Satisfying My Burger Tooth

burger

In a fast-food world, Indie Burger is a breath of farm-fresh air. I have a rather serious burger tooth, and my favorite type of burger is the thin, griddled variety that doesn’t require me to unhinge my jaw to take a bite, adjoined by an unruly mound of thin french fries. Indie Burger begs the inevitable comparison to other similar concepts such as Epic Burger and M Burger, both of which I haunt like a ghost, so I was eager to check another burger place off my list. Little did I know how serious Indie Burger is about local and organic sourcing, and how ridiculously tasty their food is.

Plenty of fast casual restaurants talk the talk about organic and local sourcing, but this is one place that walks the walk as well. Not only are the ingredients top-tier, but the food is as deliciously finger-licking as the most guilt-inducing fast-food restaurant, with the added bonus of not making you hate yourself once you’re done. Upon dining here, I got to chat a little bit with the owner, Cyrus Rab, and learned more about the concept and ideology. Turns out, the place was inspired by Rab’s young son Jonah.

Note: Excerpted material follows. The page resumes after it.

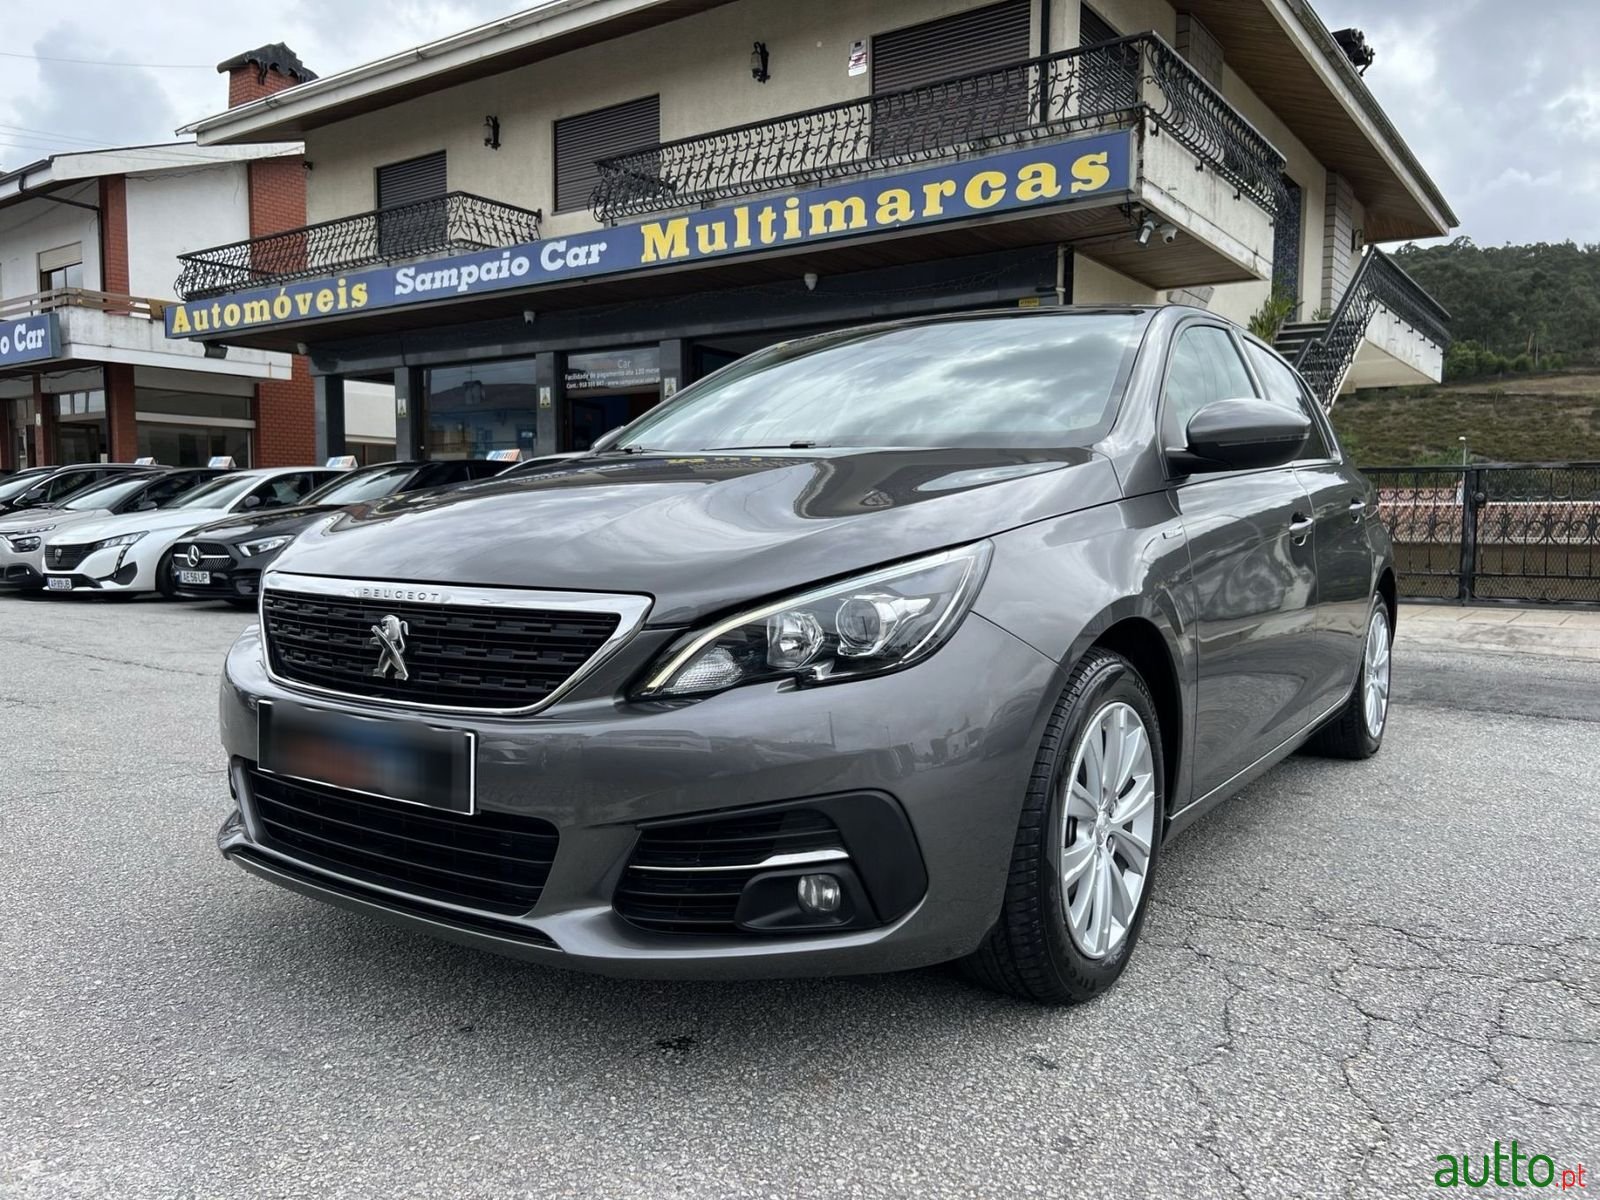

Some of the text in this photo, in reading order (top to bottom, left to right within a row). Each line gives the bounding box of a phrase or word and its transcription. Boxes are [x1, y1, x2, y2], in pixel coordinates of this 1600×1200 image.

[171, 151, 1112, 334] Automóveis Sampaio Car Multimarcas
[13, 323, 46, 352] Car
[617, 359, 632, 369] Car
[362, 588, 440, 601] PEUGEOT

Due to his egg and nut allergies, he is unable to dine at most fast casual restaurants, as they often use egg as filler, not to mention the use of low-quality ingredients, chemicals, and preservatives. Here’s an example that will keep you up at night: a McNugget has more than 30 ingredients and is more than half corn. So Indie Burger was born as a haven for allergy-restricted eaters as well as those just looking for healthier alternatives to the chemical-laden laboratory-esque restaurants. While maintaining affordable prices and a sleek fast-food business model, Indie Burger strictly adheres to the highest quality products, and it shows in every bite and sip.

The restaurant uses certified organic grass-fed beef from Black Wing Meats in Antioch, Illinois, for its burgers, along with organic farm-reared chicken, milk, ice cream, and juices. Most vegetables and sodas are certified organic as well, the latter sweetened with cane sugar or agave nectar. Baked items, such as buns, are specially baked for Indie Burger at local organic Biondillo Bakery. That’s a lot of organic. In some cases, when restaurants bandy the word “organic” around, it starts to lose its luster and the food falls short of the high expectations, but not here. The burgers are some of the best quick service versions I’ve had, and I’ve had an embarrassing amount.

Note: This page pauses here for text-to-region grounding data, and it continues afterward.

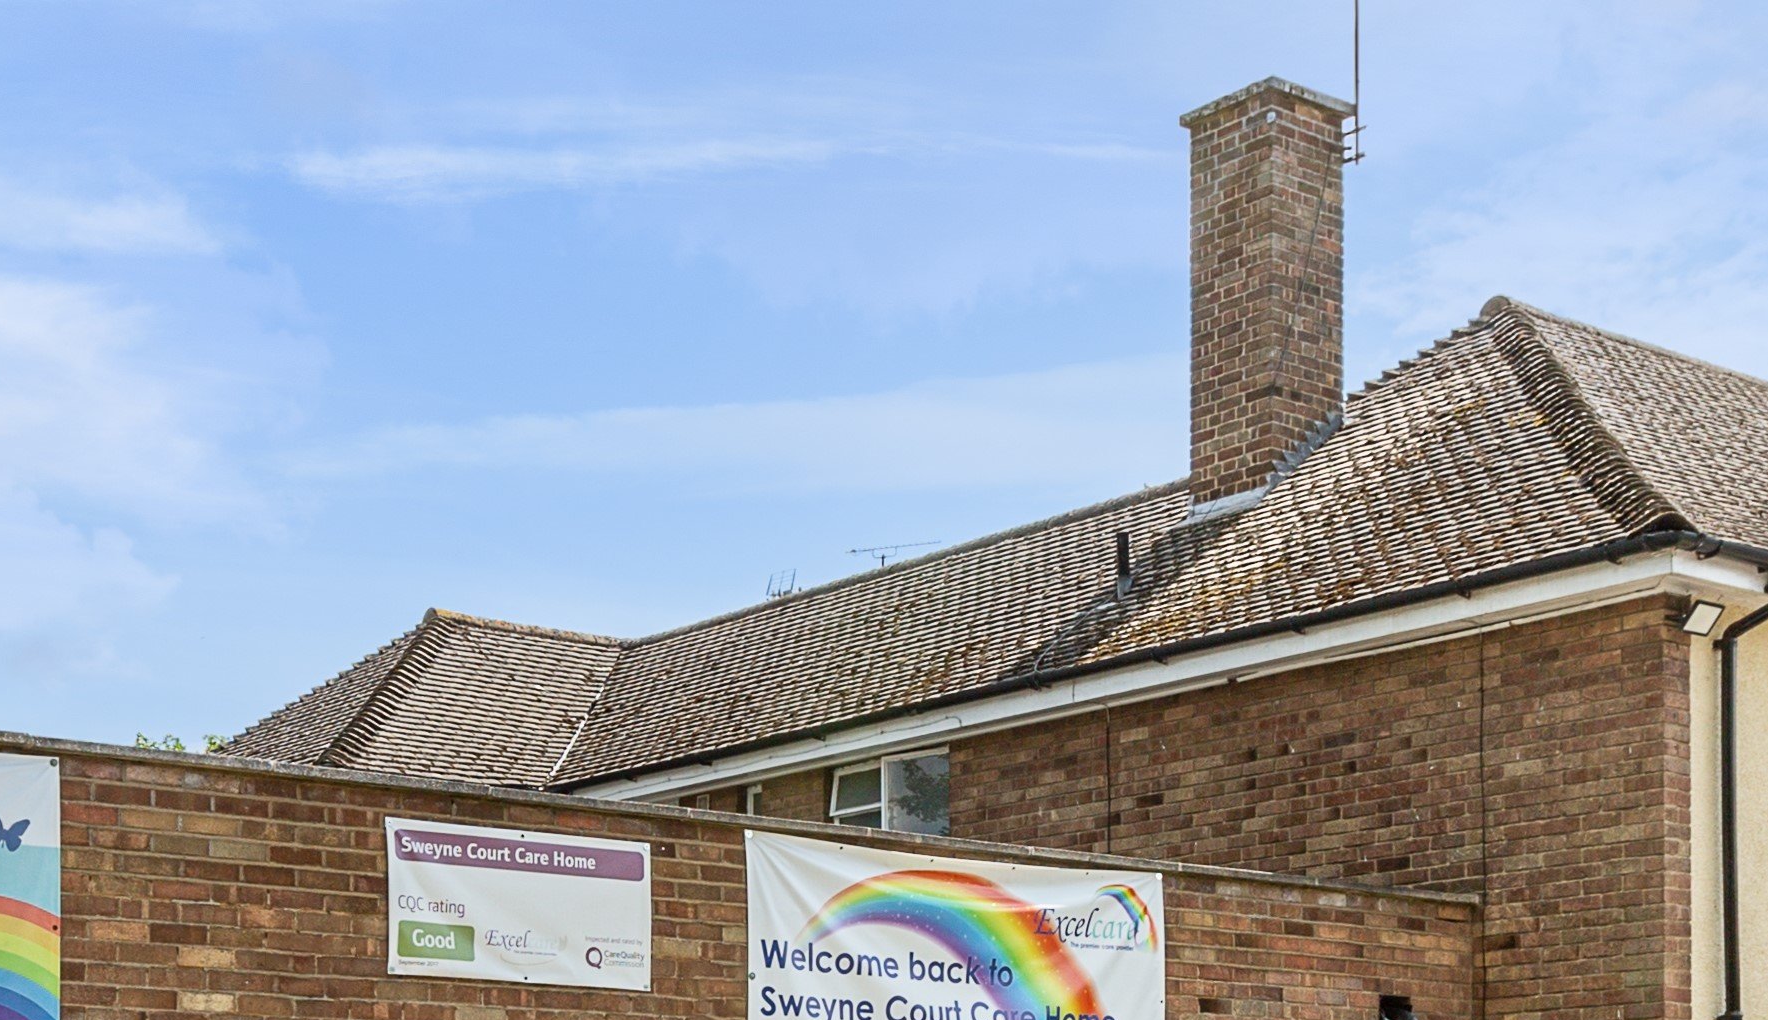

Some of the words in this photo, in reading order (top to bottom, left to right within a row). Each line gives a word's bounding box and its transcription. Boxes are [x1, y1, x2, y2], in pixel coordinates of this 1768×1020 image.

[401, 837, 462, 859] Sweyne
[466, 842, 511, 862] Court
[515, 848, 549, 866] Care
[553, 851, 596, 870] Home
[397, 894, 424, 913] CQC
[427, 899, 466, 918] rating
[411, 929, 456, 950] Good
[1032, 907, 1138, 943] Excelcare
[761, 939, 899, 979] Welcome
[909, 952, 980, 985] back
[989, 958, 1013, 987] to
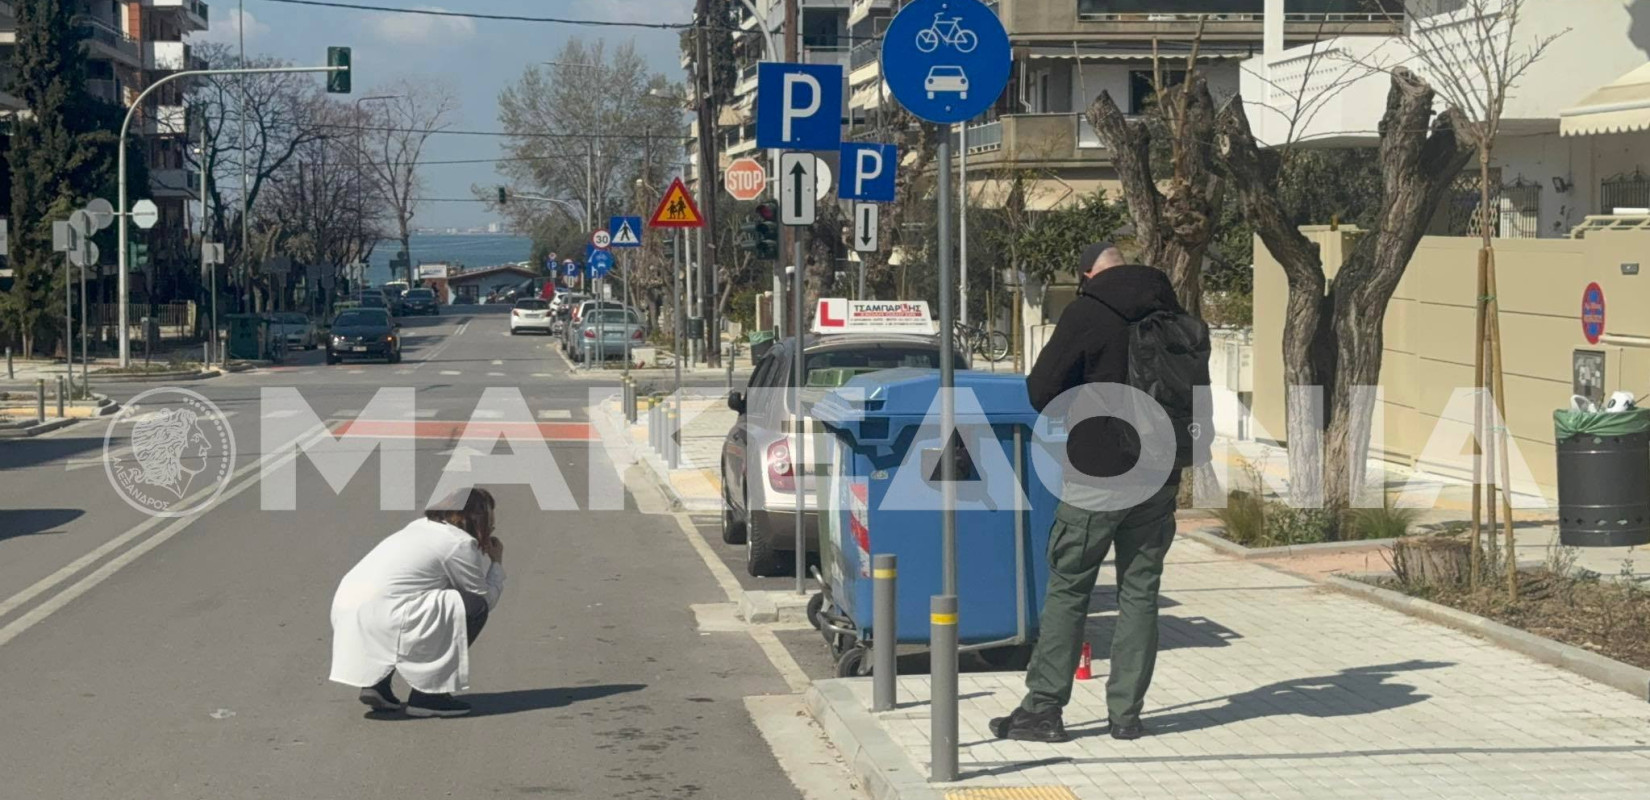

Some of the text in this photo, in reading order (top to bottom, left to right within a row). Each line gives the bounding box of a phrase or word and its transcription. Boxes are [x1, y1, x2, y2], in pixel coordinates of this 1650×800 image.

[782, 73, 821, 142] P
[728, 172, 762, 191] STOP
[856, 149, 883, 196] P
[596, 235, 609, 244] 30
[567, 263, 575, 275] P
[820, 302, 844, 326] L

Patties are loosely hand-formed, garnering crispy edges when cooked on the griddle, imbued with a rich, innately beefy flavor. The signature Indie Burger is a 1/3-pound patty topped with grilled onions, Swiss cheese, and Indie sauce, which is a vibrant “secret” sauce that won’t make you feel like you’re eating a science experiment. Fries and onion rings are cooked in rice bran oil, providing a healthier but no less ravenous alternative to the typical grease bombs, somewhat negated by the fact that you’re bound to eat an entire plate. The onion rings are particularly revelatory, heaped on a plate like a pile of hula hoops, encased in a thin shell as crisp as deep-fried stained glass. I didn’t partake in the children’s menu, but it’s worth noting that Indie Burger has a distinguished one, featuring an organic grass-fed burger, an organic hot dog, and a grilled cheese sandwich made with Wisconsin cheese. There’s even organic lollipops! I want a lollipop. Now that’s a happy meal worth smiling about.

Indie Burger

1034 West Belmont Avenue, Chicago, IL 60657

(773) 857-7777 and http://www.indieburger.com/index.php




Garlic Scape Season is Here, Get Them While They Last!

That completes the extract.